IN THE HIGH COURT OF SOUTH AFRICA

[EASTERN CAPE DIVISION, MAKHANDA]

CASE NO: CA 17/2021

Heard on: 18/02/2022


Delivered on: 03/05/2022


In the matter between:



MBUYISELO SHODE Appellant (Respondent in the cross-appeal)


and


MINISTER OF POLICE Respondent

(Appellant in the cross-appeal)




JUDGMENT


NHLANGULELA DJP


[1] On 05 March 2021 the magistrate of Grahamstown (now Makhanda) made the following order:

(a) Payment of the amount of R10 000,00 (TEN THOUSAND RAND), to be paid within 30 (thirty) days of payment;

(b) Interest on the judgment amount from date of service of summons at the rate of 7.25% per annum;

(c) Costs of the action on party and party scale.


[2] Aggrieved by that order, the appellant (the plaintiff in the Magistrates’ Court) noted an appeal on the grounds that the award in the sum of R10 000,00 is inadequate; and that the interest was fixed at 7.25%, instead of 10%. In a nutshell the appellant seeks an increased financial award.


[3] On the other hand, the respondent on appeal (the defendant in the Magistrates’ Court) noted a cross-appeal on the issue of liability on the ground that the magistrate misdirected himself in the manner in which he evaluated the evidence which, had he evaluated it properly, he would have found that the appellant failed to discharge the onus of proof that he was entitled to the payment of R10 000,00 or at all. In so far as the cross-appeal is directed to the issue of the merits of the appellant’s claim against the respondent, it will be proper to deal with the cross-appeal first; the issue for determination being whether the evaluation of the evidence on which payment of damages was ordered is correct. To that end, it bears mentioning at this early stage that the proper approach on appeal based on facts was stated long ago to be that the factual findings made by the trial court are presumed to be correct. In this regard, Pickering J in Sizani v S, Case No: CA 272/2009 dated 02 November 2011 (unreported) at page 8 states that:

“The learned trial Judge’s findings as to credibility and demeanour were assailed on appeal. It is trite that a Court of appeal is not at liberty to depart from the trial Court’s findings of fact and credibility unless they are vitiated by irregularity or unless examination of the evidence reveals that those findings are patently wrong. Those findings are presumed to be correct because the trial court has had the advantage of seeing and hearing the witnesses and is in the best position to determine where the truth lies. See for instance Rex v Dhlumayo 1948 (2) SA 677 (A) at 705; S v Hadebe 1997 (2) SACR 641 (SCA) at 645; S v Francis 1991 (1) SACR 198 (A) at 204C – F; S v Skoti unreported Eastern Cape High Court, Grahamstown, Full Bench Appeal case no CA77/09 and S v Leve 2011 (1) SACR 87(E) at para 8.”
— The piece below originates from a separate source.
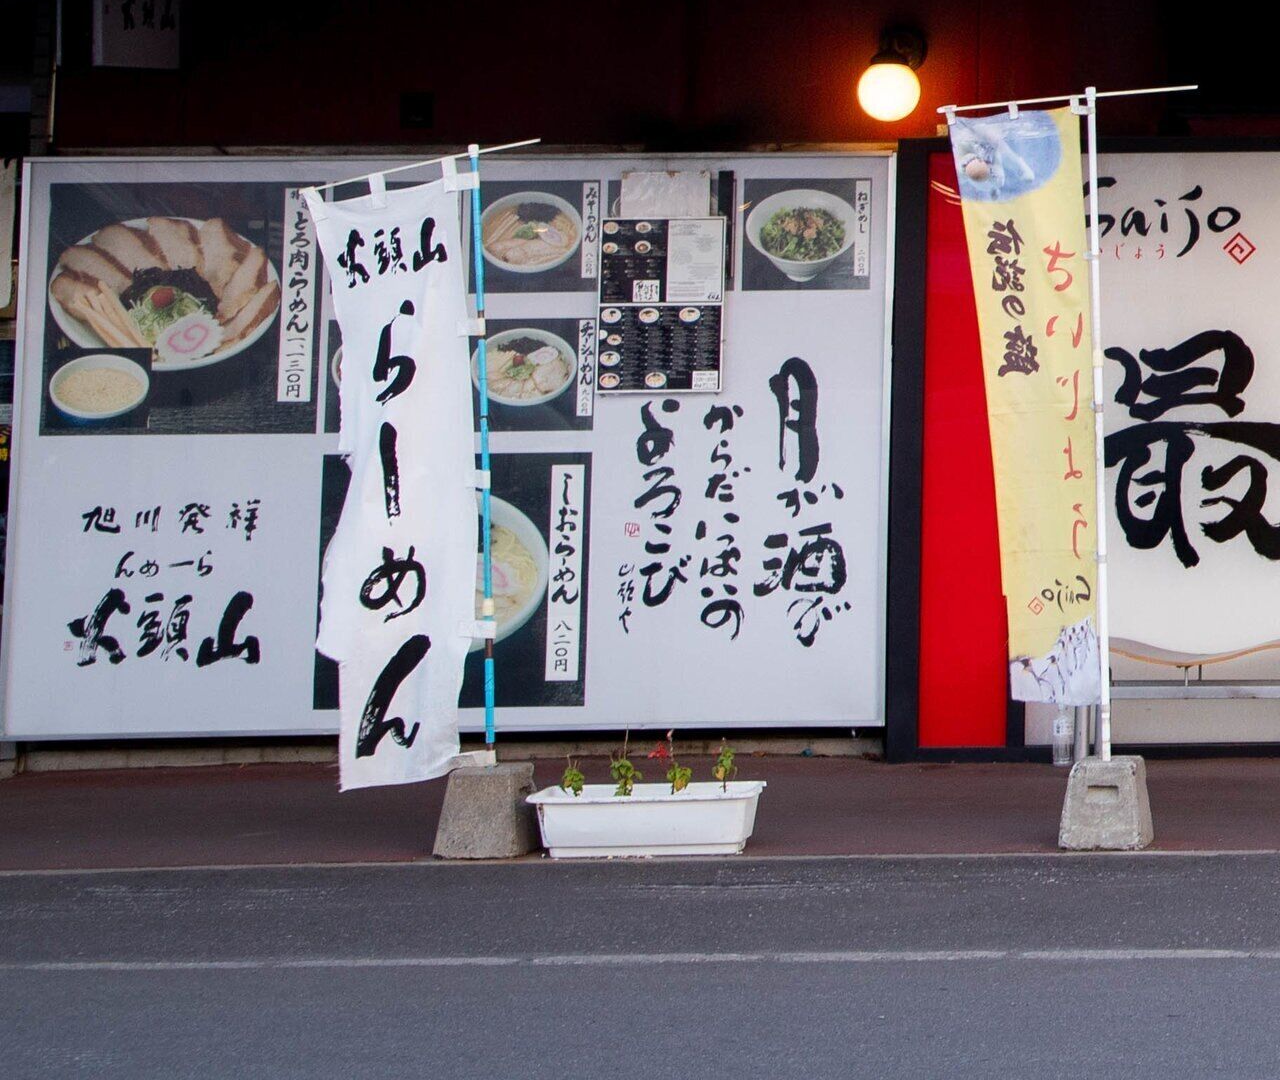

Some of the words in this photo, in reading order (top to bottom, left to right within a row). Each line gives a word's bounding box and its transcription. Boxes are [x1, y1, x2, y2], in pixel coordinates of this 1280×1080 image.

[82, 500, 260, 539] 旭川発祥
[551, 473, 578, 604] しおらーめん
[4] Two oral witnesses testified before the magistrate. Those were the appellant and Ms Ntomboxolo Ndzima, the Constable in the SAPS.
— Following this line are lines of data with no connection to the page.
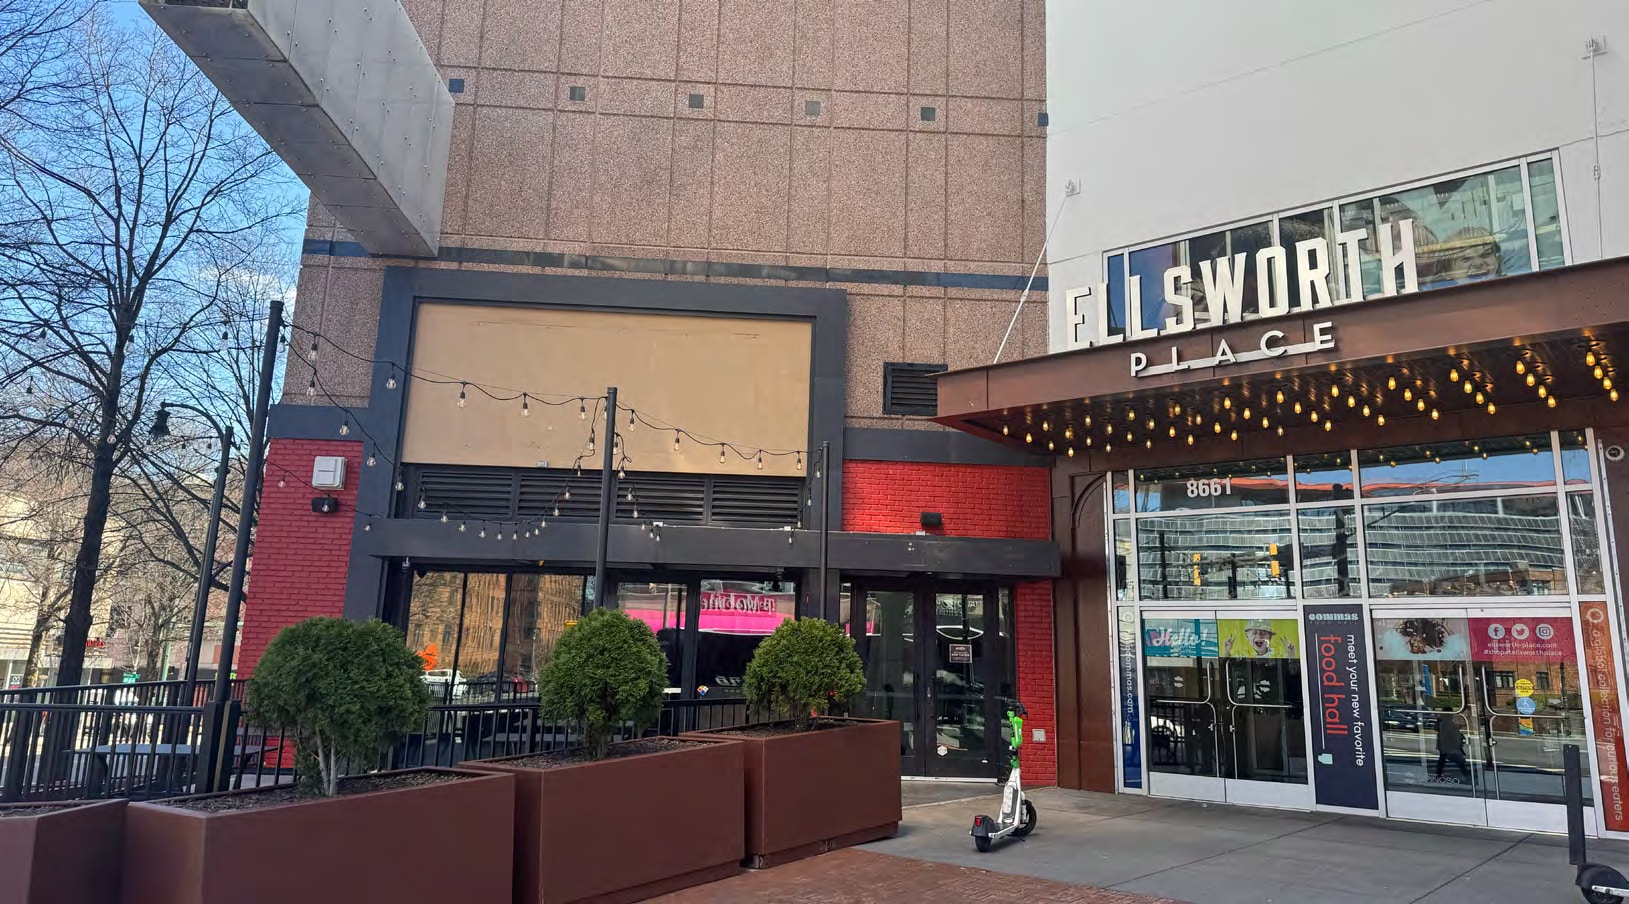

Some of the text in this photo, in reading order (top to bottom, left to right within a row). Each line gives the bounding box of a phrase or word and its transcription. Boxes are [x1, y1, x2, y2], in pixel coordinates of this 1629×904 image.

[1065, 217, 1420, 350] ELLSWORTH
[1130, 321, 1336, 377] PLACE
[1186, 478, 1232, 498] 8661
[1151, 626, 1208, 647] Hello!
[1308, 613, 1359, 621] commas
[1320, 634, 1349, 735] food hall
[1346, 634, 1366, 767] meet your new favorite
[1597, 674, 1613, 724] collection
[1611, 786, 1623, 820] eaters
[5] The appellant’s version is that on 10 May 2018 he and one Ms Siphokazi Kom, his girl-friend at the time, appeared before the Domestic Violence Court (the DVC) pursuant to a complaint made by Ms Kom that he had committed acts of violence against her. At the end of those proceedings a protection order was issued by the magistrate that he must desist from assaulting, swearing at, threatening or communicating with Ms Kom. According to the appellant he complied with the protection order without fail. However, on 12 June 2018 he was arrested by Ms Ndzima. Pursuant thereto, he was detained in a police cell and taken to the Magistrates’s Court on the following day to face a criminal charge of breaching the protection order. During that appearance in court he was merely remanded to appear in court again on a date when the criminal proceedings were terminated. Thereafter, he instituted civil proceedings against the respondent claiming payment of R200 000,00 for unlawful arrest and detention, including insult (contumelia).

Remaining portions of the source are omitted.